54P - T-cell therapy – enabling oncolytic adenoviruses for the treatment of melanoma (54P)

Date 08 December 2017
Event ESMO Immuno-Oncology Congress 2017
Session Lunch & Poster Display session
Topics Anti-Cancer Agents & Biologic Therapy
Oesophageal Cancer
Gastrointestinal Cancers
Surgery and/or Radiotherapy of Cancer
Presenter João Manuel Santos
Citation Annals of Oncology (2017) 28 (suppl_11): xi6-xi29. 10.1093/annonc/mdx711
Authors J.M. Santos, M. Siurala, R. Havunen, V. Cervera-Carrascon, S. Sorsa, A. Hemminki
  • Tilt, TILT Biotherapeutics Ltd, 00290 - Helsinki/FI

Abstract

Background

Adoptive cell transfer (ACT) has shown promising yet suboptimal results in clinical trials for melanoma. We aimed to enhance the efficacy of ACT by coupling it with adenoviruses coding for tumor necrosis factor alpha (TNFa) and interleukin-2 (IL-2).

Methods

Non-replicating adenoviruses (Ad5-CMV-mIL2 and Ad5-CMV-mTNFa) were constructed and confirmed to produce biologically active murine cytokines in vitro and in vivo, and subsequently used in combination with ovalbumin-specific (OT-I) T-cell transfer. Oncolytic adenoviruses expressing human TNFa and/or human IL-2 (Ad5/3-E2F-D24-hTNFa-IRES-hIL2 also known as TILT-123) were also constructed and used in combination with tumor-infiltrating lymphocytes (TIL) transfer in adenovirus-permissive Syrian hamsters.

Results

The non-replicating virus vectors used in combination with OT-I T-cells effectively controlled tumor growth of established murine melanoma (B16.OVA) tumors. In further experiments, a triple combination of Ad5-CMV-mIL2 + Ad5-CMV-mTNFa (1:1 ratio) and OT-I T-cells improved antitumor efficacy over double combinations. Mechanistic studies revealed that intratumoral virus injections induce trafficking of adoptively transferred T-cells to tumors. Further, the cytokine-coding adenoviruses caused favorable alterations in the tumor microenvironment. In hamsters, established pancreatic cancer tumors were eradicated with TILT-123 injections coupled with TIL transfer. The cured animals were protected from tumor rechallenge. In addition, we have demonstrated that adenovirally delivered IL-2 is superior to systemically administered recombinant IL-2 with regard to safety and efficacy in the preclinical setting.

Conclusions

The combinatorial approach studied here highlights the potential of adenovirotherapy to enable T-cell therapies. TILT Biotherapeutics is in the process of confirming the results in clinical trials.

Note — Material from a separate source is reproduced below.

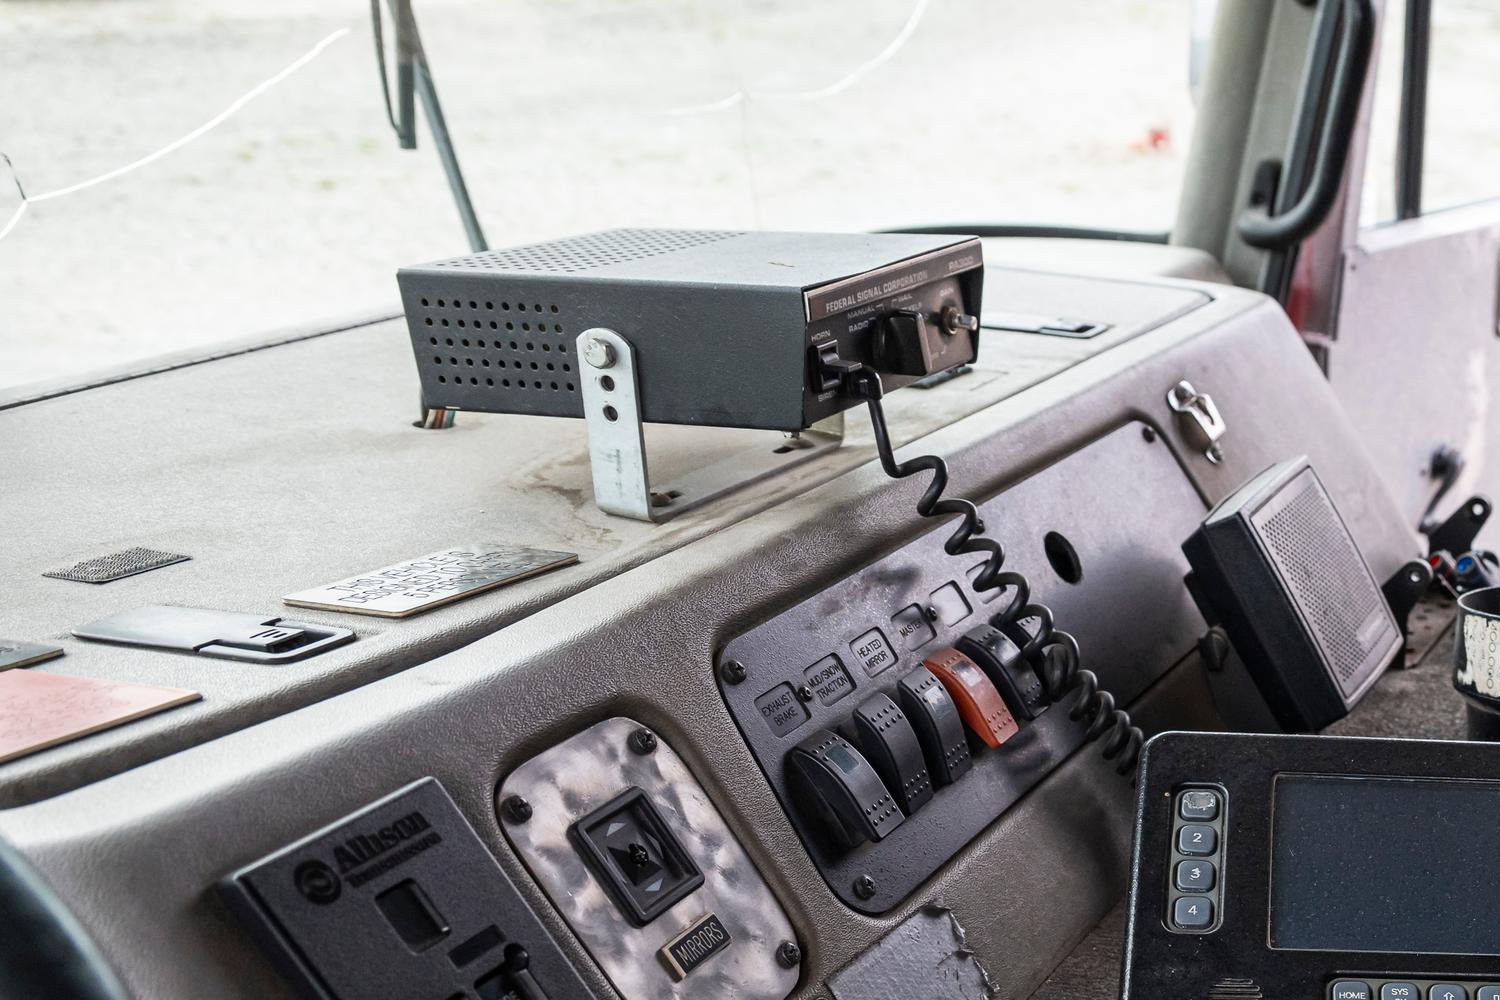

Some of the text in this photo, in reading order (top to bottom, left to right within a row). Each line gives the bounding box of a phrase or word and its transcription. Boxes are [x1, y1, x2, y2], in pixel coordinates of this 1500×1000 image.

Clinical trial identification

Legal entity responsible for the study

TILT Biotherapeutics Ltd

Funding

TILT Biotherapeutics Ltd, Finland; Jane and Aatos Erkko Foundation, Finland; European Commission Marie Curie Innovative Training Network (ITN) grant VIRION (H2020-MSCA-ITN-2014 project number 643130); Doctoral Program in Clinical Research, University of Helsinki, Finland; Helsinki University Central Hospital (HUCH) Research Funds, Finland; Sigrid Juselius Foundation, Finland; Biocentrum Helsinki, Finland; Biocenter Finland, Finland; Finnish Cancer Organizations, Finland.

Disclosure

J.M. Santos, M. Siurala, R. Havunen, V. Cervera-Carrascon, S. Sorsa: Employee in TILT Biotherapeutics Ltd. A. Hemminki: Shareholder of Targovax SA and employee in TILT Biotherapeutics Ltd.